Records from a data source
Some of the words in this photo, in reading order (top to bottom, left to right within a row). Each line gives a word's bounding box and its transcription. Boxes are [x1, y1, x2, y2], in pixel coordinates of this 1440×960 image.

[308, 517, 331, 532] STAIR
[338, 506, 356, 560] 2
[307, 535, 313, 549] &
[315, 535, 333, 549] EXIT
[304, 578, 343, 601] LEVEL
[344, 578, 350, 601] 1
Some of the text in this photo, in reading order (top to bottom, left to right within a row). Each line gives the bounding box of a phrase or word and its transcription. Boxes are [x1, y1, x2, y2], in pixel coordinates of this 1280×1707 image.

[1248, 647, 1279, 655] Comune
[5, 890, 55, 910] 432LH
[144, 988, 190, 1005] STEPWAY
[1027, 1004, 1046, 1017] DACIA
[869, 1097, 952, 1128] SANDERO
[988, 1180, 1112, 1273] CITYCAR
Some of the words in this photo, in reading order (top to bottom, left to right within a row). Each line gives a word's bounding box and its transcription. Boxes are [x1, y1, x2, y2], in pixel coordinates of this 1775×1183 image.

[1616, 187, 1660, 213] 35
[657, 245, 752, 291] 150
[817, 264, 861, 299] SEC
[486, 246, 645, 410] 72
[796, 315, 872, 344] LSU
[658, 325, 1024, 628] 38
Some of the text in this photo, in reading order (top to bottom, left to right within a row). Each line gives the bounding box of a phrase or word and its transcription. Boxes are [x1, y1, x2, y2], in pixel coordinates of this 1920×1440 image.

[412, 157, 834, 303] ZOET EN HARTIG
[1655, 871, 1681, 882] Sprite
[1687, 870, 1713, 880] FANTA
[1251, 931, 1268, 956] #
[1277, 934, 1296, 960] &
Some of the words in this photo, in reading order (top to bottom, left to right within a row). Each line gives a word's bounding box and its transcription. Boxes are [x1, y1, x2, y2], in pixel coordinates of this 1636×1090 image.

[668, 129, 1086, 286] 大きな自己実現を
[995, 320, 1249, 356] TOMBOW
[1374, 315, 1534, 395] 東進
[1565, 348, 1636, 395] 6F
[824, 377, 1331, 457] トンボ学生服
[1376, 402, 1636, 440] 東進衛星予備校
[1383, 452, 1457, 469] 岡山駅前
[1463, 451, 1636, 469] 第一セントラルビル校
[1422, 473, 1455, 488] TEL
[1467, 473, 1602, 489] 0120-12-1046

EXERCISE DESCRIPTION
Top to bottom, set down the entries above word for word.

THE COMPLETED TASK
Some of the words in this photo, in reading order (top to bottom, left to right within a row). Each line gives a word's bounding box and its transcription. Boxes are [x1, y1, x2, y2], in pixel coordinates of this 1440×960 image.

[308, 517, 331, 532] STAIR
[338, 506, 356, 560] 2
[307, 535, 313, 549] &
[315, 535, 333, 549] EXIT
[304, 578, 343, 601] LEVEL
[344, 578, 350, 601] 1
Some of the text in this photo, in reading order (top to bottom, left to right within a row). Each line gives the bounding box of a phrase or word and its transcription. Boxes are [x1, y1, x2, y2], in pixel coordinates of this 1280×1707 image.

[1248, 647, 1279, 655] Comune
[5, 890, 55, 910] 432LH
[144, 988, 190, 1005] STEPWAY
[1027, 1004, 1046, 1017] DACIA
[869, 1097, 952, 1128] SANDERO
[988, 1180, 1112, 1273] CITYCAR
Some of the words in this photo, in reading order (top to bottom, left to right within a row). Each line gives a word's bounding box and its transcription. Boxes are [x1, y1, x2, y2], in pixel coordinates of this 1775×1183 image.

[1616, 187, 1660, 213] 35
[657, 245, 752, 291] 150
[817, 264, 861, 299] SEC
[486, 246, 645, 410] 72
[796, 315, 872, 344] LSU
[658, 325, 1024, 628] 38
Some of the text in this photo, in reading order (top to bottom, left to right within a row). Each line gives the bounding box of a phrase or word and its transcription. Boxes are [x1, y1, x2, y2], in pixel coordinates of this 1920×1440 image.

[412, 157, 834, 303] ZOET EN HARTIG
[1655, 871, 1681, 882] Sprite
[1687, 870, 1713, 880] FANTA
[1251, 931, 1268, 956] #
[1277, 934, 1296, 960] &
Some of the words in this photo, in reading order (top to bottom, left to right within a row). Each line gives a word's bounding box and its transcription. Boxes are [x1, y1, x2, y2], in pixel coordinates of this 1636×1090 image.

[668, 129, 1086, 286] 大きな自己実現を
[995, 320, 1249, 356] TOMBOW
[1374, 315, 1534, 395] 東進
[1565, 348, 1636, 395] 6F
[824, 377, 1331, 457] トンボ学生服
[1376, 402, 1636, 440] 東進衛星予備校
[1383, 452, 1457, 469] 岡山駅前
[1463, 451, 1636, 469] 第一セントラルビル校
[1422, 473, 1455, 488] TEL
[1467, 473, 1602, 489] 0120-12-1046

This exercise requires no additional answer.